Gimme some red high heels

{post-pregnancy ankles have never looked so good}

For 32 years I took my ankles for granted. To me they were just a joint: functional, purposeful, necessary. Yes, they were just another joint…

Until I got pregnant.

It was not that long ago that the climbing temperatures of summer and D-day simultaneously approached. As the thermometer spiked sharply and my little baby grew, so the presence of my ankles rapidly diminished.

I have to acknowledge that I was actually a very lucky pregnant woman: I never got morning sickness and I only had fairly normal pregnancy symptoms (a week of constant burping was perhaps one of the more notable ones).

And to my pleasure, I was fortunate enough to not gain much extra weight. (I thank my mother for that.)

Unless of course you consider my feet and ankles.

By seven months pregnant my feet were twice their normal size and my ankles were on their way out. By eight months pregnant my feet had tripled in girth and my ankles ceased to exist altogether.

They basically folded up shop and ditched town.
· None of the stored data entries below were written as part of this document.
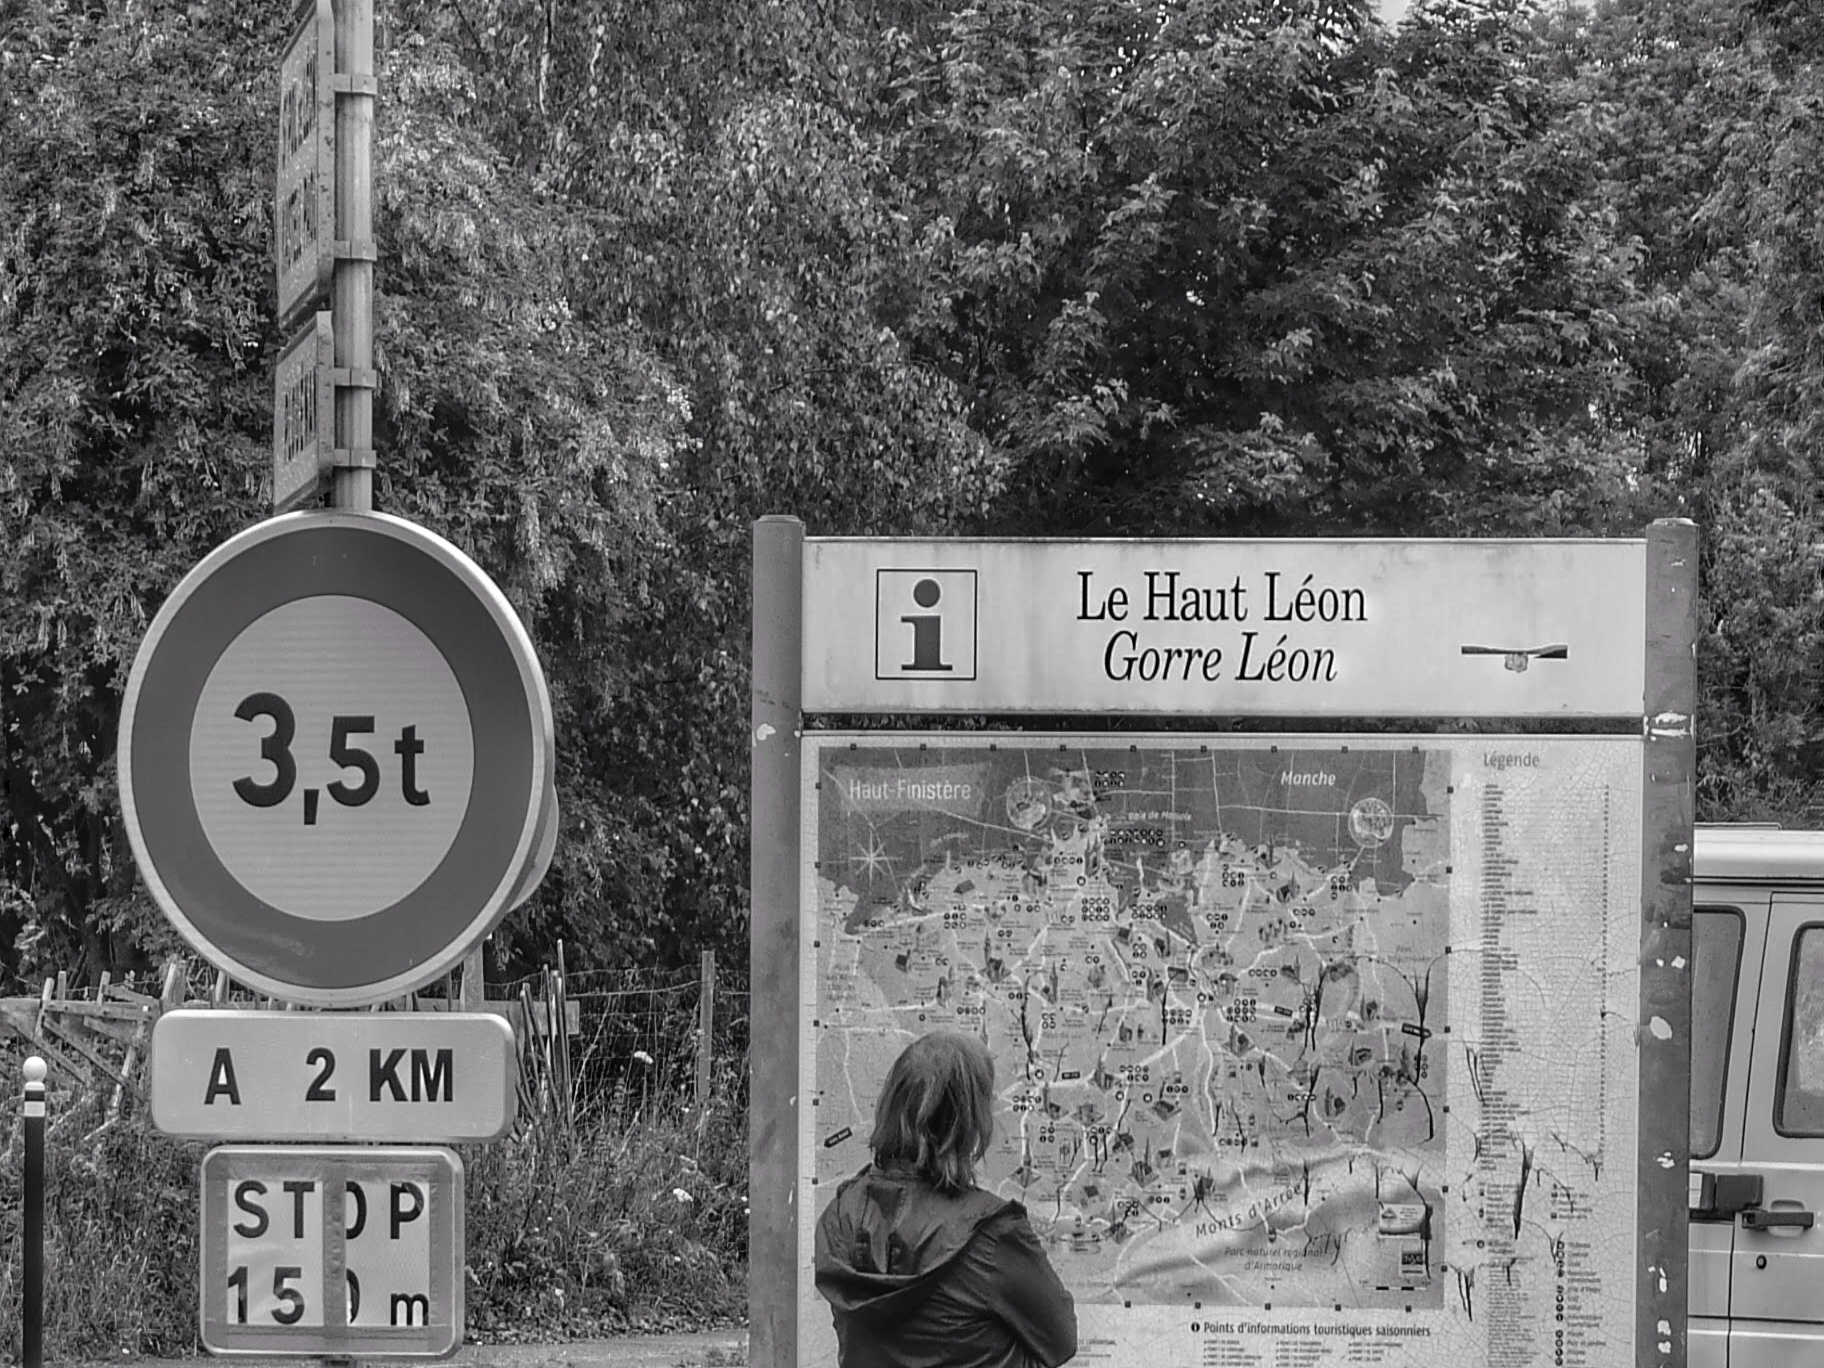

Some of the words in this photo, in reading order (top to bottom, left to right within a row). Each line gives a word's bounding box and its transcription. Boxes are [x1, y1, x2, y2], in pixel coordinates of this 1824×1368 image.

[1076, 571, 1129, 621] Le
[1143, 571, 1248, 622] Haut
[1264, 572, 1368, 622] Léon
[1104, 631, 1222, 682] Gorre
[1234, 632, 1337, 682] Léon
[1483, 752, 1540, 771] Légende
[849, 779, 971, 800] Haut-Finistère
[1280, 770, 1336, 786] Manche
[204, 1048, 241, 1105] A
[305, 1047, 336, 1102] 2
[369, 1048, 453, 1103] KM
[1195, 1213, 1242, 1239] Monts
[1224, 1245, 1245, 1257] Parc
[390, 1293, 429, 1326] m
[1203, 1321, 1234, 1334] Points
[1237, 1321, 1311, 1335] d'informations
[1313, 1323, 1373, 1338] touristiques
[1375, 1325, 1431, 1337] saisonniers
As huge as my belly was, I never had to fear falling over for lack of balance… Because no matter how belly-heavy I felt, I was completely anchored down with feet and ankles the size of a small elephant’s. And I’m not making this up or exaggerating. They were so big that my thongs (flip-flops) wouldn’t even fit… until I got a larger size.
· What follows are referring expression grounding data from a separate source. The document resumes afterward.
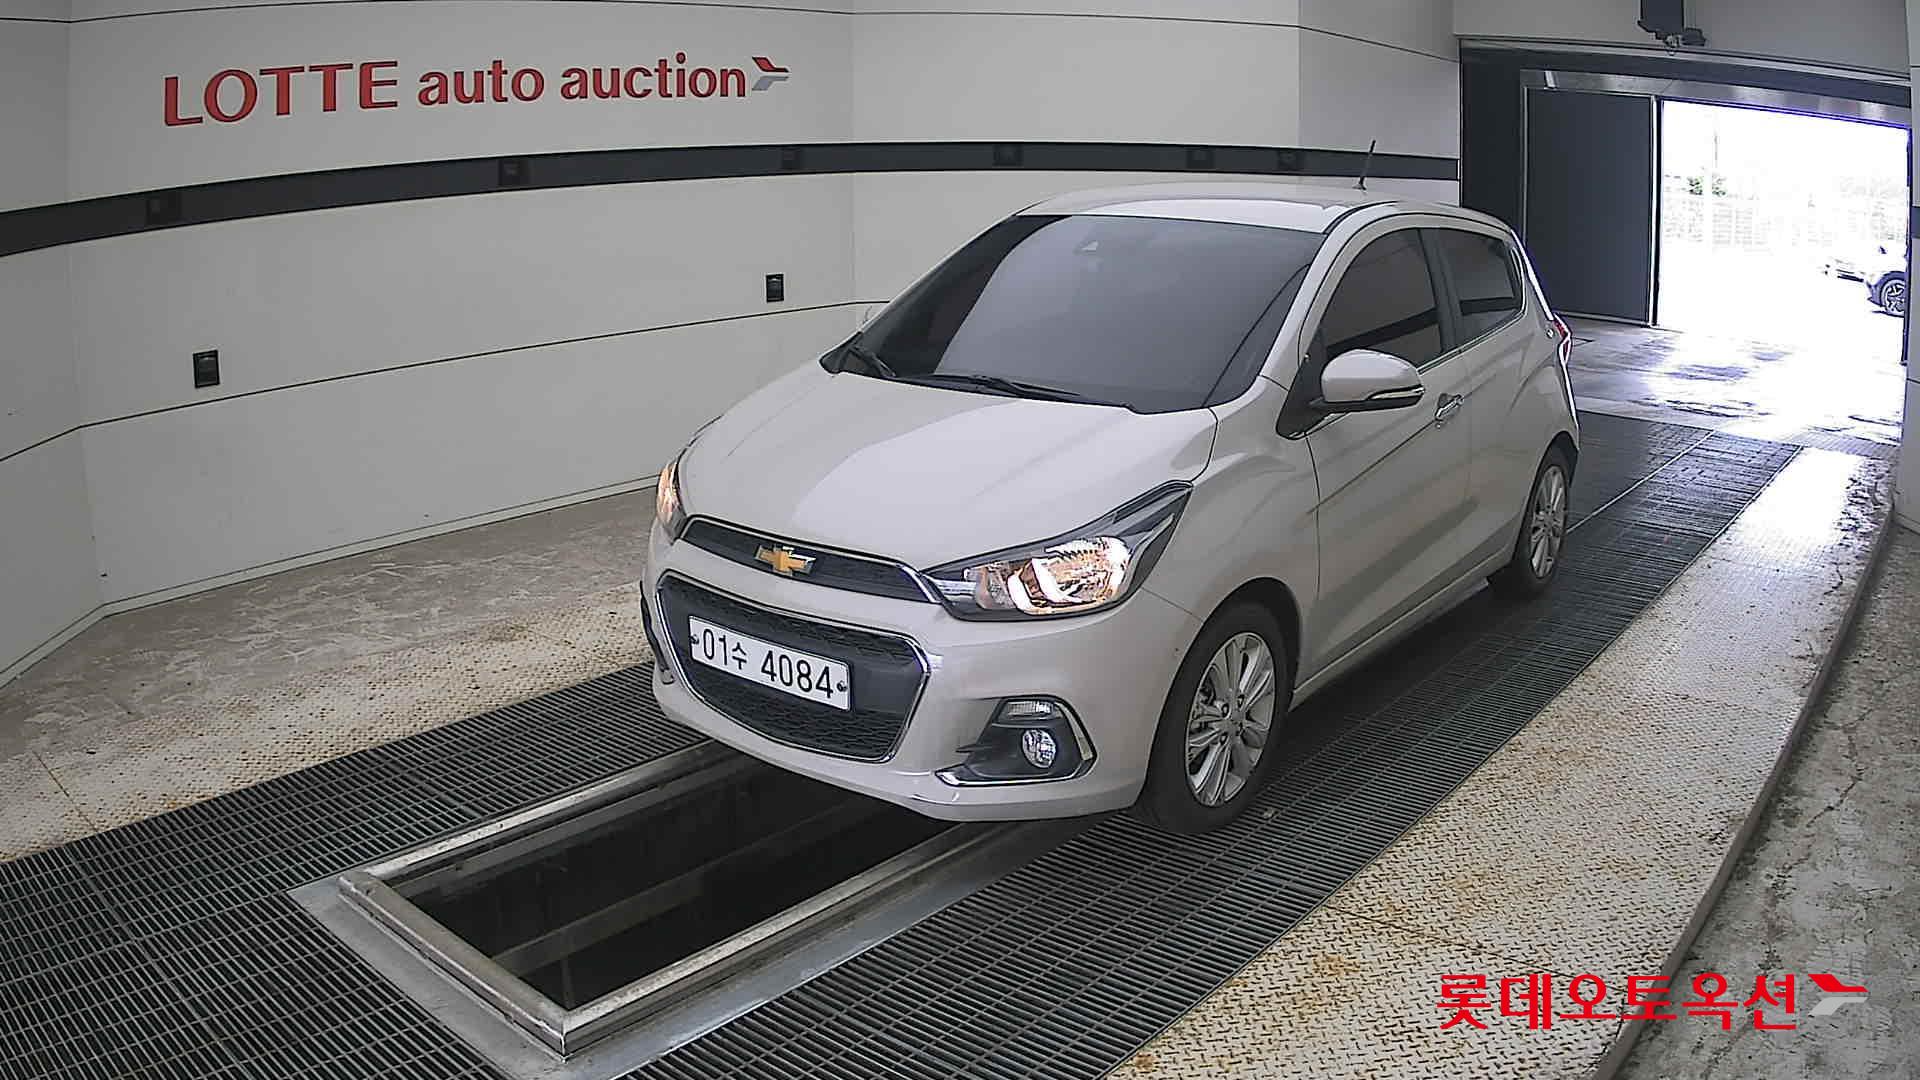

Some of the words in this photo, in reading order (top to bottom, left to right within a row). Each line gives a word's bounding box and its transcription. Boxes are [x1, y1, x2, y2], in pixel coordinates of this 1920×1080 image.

[164, 60, 398, 126] LOTTE
[417, 59, 545, 106] auto
[560, 52, 747, 99] auction
[702, 628, 748, 671] 01수
[760, 650, 834, 699] 4084
{Oh man-sized flip-flops, you are so unattractive.}

When people saw me they would stare at my belly and say, “Oh, you’re huge – how cute!” which I took as a compliment. And then their gaze would shift to my feet and ankles…

{i can almost hear you gasping out loud now}

As they stood with mouths open and jaws dropped, their faces would quickly turn from enchantment and admiration of my belly to fright and shock over my feet and ankles. I’ve never had so many sympathetic remarks in my life, and let’s be honest, I did feel sorry for myself….. so I lapped up the sympathy. {Give a girl a foot pampering anyone? Ryan? Aw, sweet, sweet husband.}

Yes, my feet and ankles were a show-stopper—a spectacle indeed—and a topic of conversation among friends and family! When I would talk to my in-laws on the phone, the first thing they would enquire about was the state of my poor feet and ankles. I even had one friend feel so sorry for me that she brought me a foot-soaking tub as a house-warming gift when we moved house at eight months pregnant. {Um, about that last part… remind me to never do that again, ok?}

And then it happened: the birth of my son. And much to my delight the bones in my feet and ankles miraculously reappeared soon after!
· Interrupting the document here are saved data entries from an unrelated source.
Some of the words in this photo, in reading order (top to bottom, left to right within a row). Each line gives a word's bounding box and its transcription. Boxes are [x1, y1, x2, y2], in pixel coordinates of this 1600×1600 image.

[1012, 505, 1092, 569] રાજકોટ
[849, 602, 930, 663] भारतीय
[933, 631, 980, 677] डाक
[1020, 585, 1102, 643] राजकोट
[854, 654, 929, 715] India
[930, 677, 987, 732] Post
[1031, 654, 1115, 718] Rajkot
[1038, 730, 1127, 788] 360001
One word for that: AMAZING.

I can remember being at home a few days after giving birth, shutting the door to my bedroom, and slipping on a pair of red high heels. “If only I had somewhere to wear these,” I thought to myself. “Who cares about my flabby tummy… I. Have. Ankles.”

My new-found ankles made me feel so pretty… and, dare I say, a little bit sexy. (Had I not been still recovering from a c-section and unable to walk properly I’m positive that I would’ve found somewhere to wear those things!)

I vowed on that day to never be unappreciative of my ankles again.

But in the midst of laundry and nursing, chores and nursery rhymes, changing diapers and grocery shopping… I tend to forget about such things as my ankles. I regret to say that they inevitably became functional again, no longer a symbol of my beauty and femininity.

Until today.

You see, this morning I was at my mum’s group sitting next a woman that is 38 weeks pregnant. Sure enough, her ankles were in hibernation and nowhere to be seen. She lamented about her “cankles” and spoke of her dreams to one day have her ankles back.

As she did so, terrible memories came flooding back of my own so-swollen-they-might-burst feet and ankles.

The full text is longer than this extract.